## TASK TO COMPLETE
Nothing but the text should be carried over: reproduce all the data exactly and leave out every image.

[Saved entries]
******
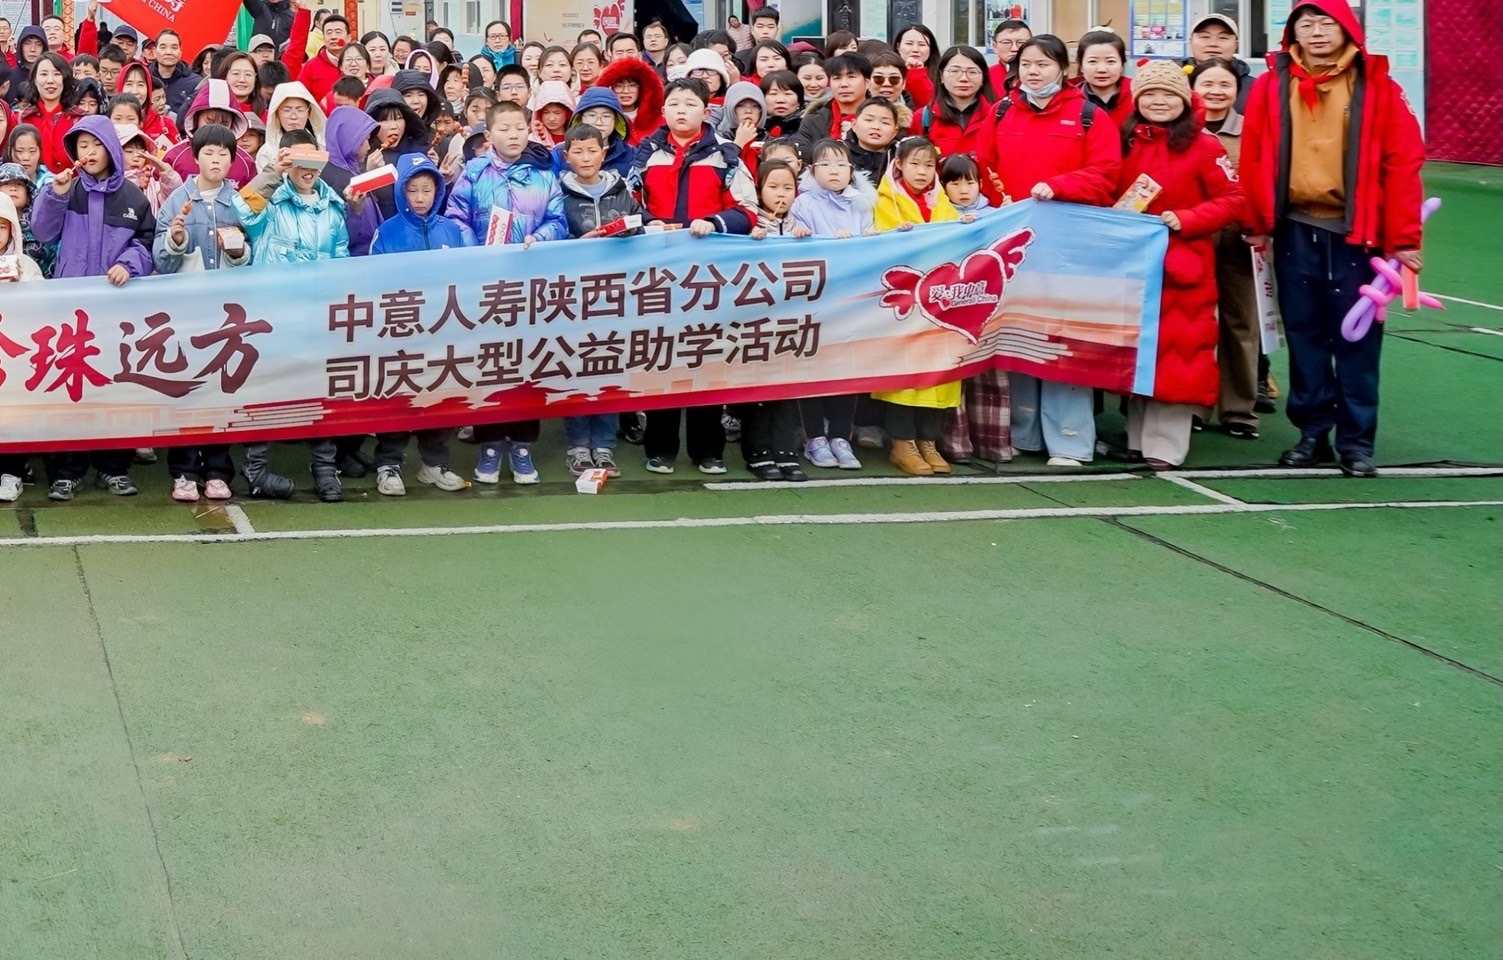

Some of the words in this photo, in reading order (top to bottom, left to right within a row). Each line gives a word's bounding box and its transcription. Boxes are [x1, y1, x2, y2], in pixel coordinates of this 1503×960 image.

[148, 0, 176, 23] CHINA
[328, 258, 828, 344] 中意人寿陕西省分公司
[326, 313, 823, 401] 司庆大型公益助学活动
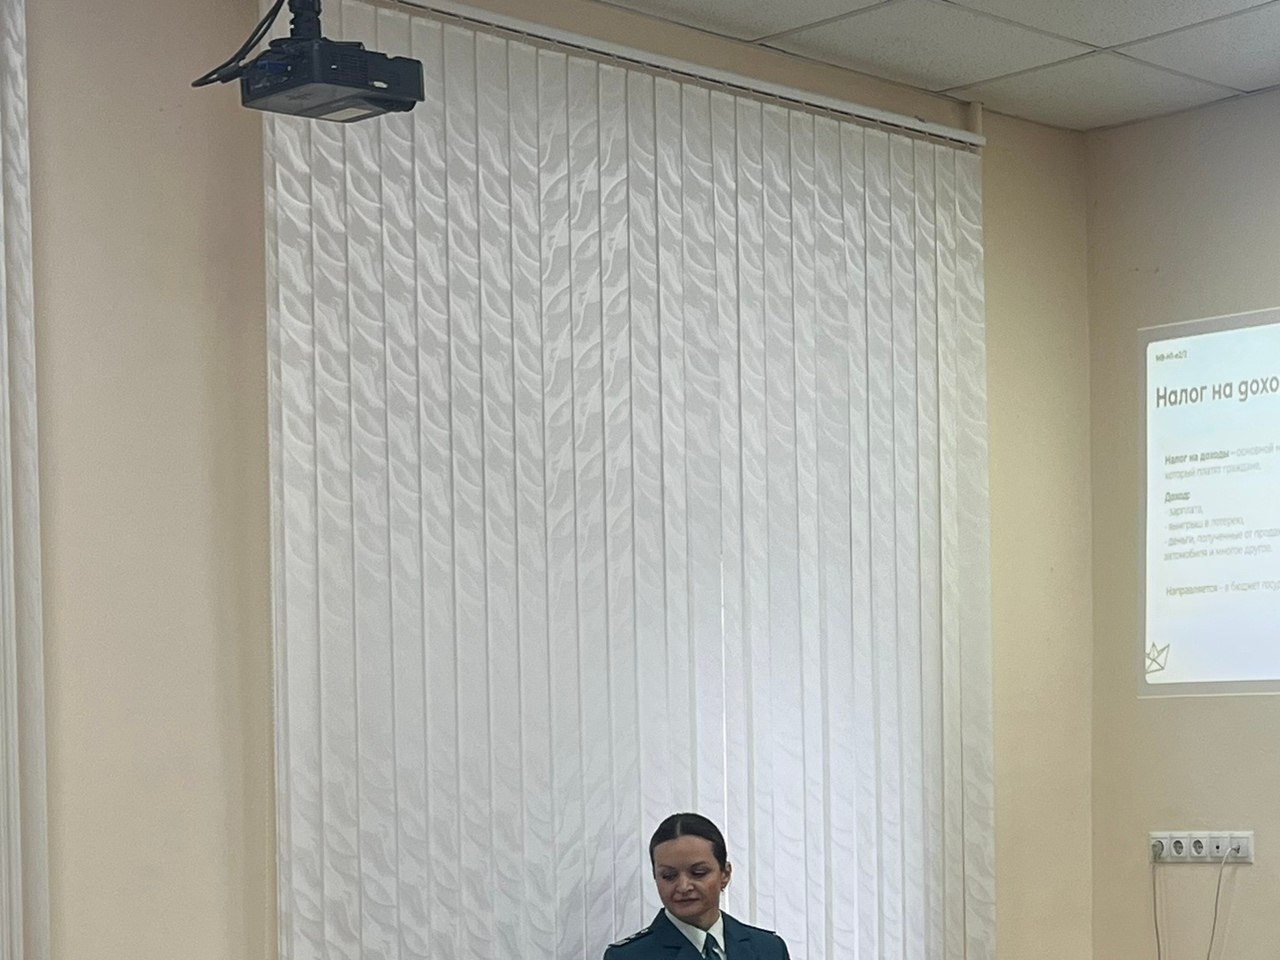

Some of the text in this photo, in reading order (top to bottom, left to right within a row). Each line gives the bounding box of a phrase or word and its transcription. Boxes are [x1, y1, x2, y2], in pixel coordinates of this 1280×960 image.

[1156, 385, 1207, 408] Налог
[1212, 382, 1233, 401] на
[1165, 454, 1187, 465] Налог
[1189, 453, 1198, 462] на
[1200, 450, 1230, 461] доходы
******
## EXERCISE RESULT
Some of the words in this photo, in reading order (top to bottom, left to right within a row). Each line gives a word's bounding box and its transcription. Boxes are [x1, y1, x2, y2], in pixel coordinates of this 1503×960 image.

[148, 0, 176, 23] CHINA
[328, 258, 828, 344] 中意人寿陕西省分公司
[326, 313, 823, 401] 司庆大型公益助学活动

Some of the text in this photo, in reading order (top to bottom, left to right within a row). Each line gives the bounding box of a phrase or word and its transcription. Boxes are [x1, y1, x2, y2], in pixel coordinates of this 1280×960 image.

[1156, 385, 1207, 408] Налог
[1212, 382, 1233, 401] на
[1165, 454, 1187, 465] Налог
[1189, 453, 1198, 462] на
[1200, 450, 1230, 461] доходы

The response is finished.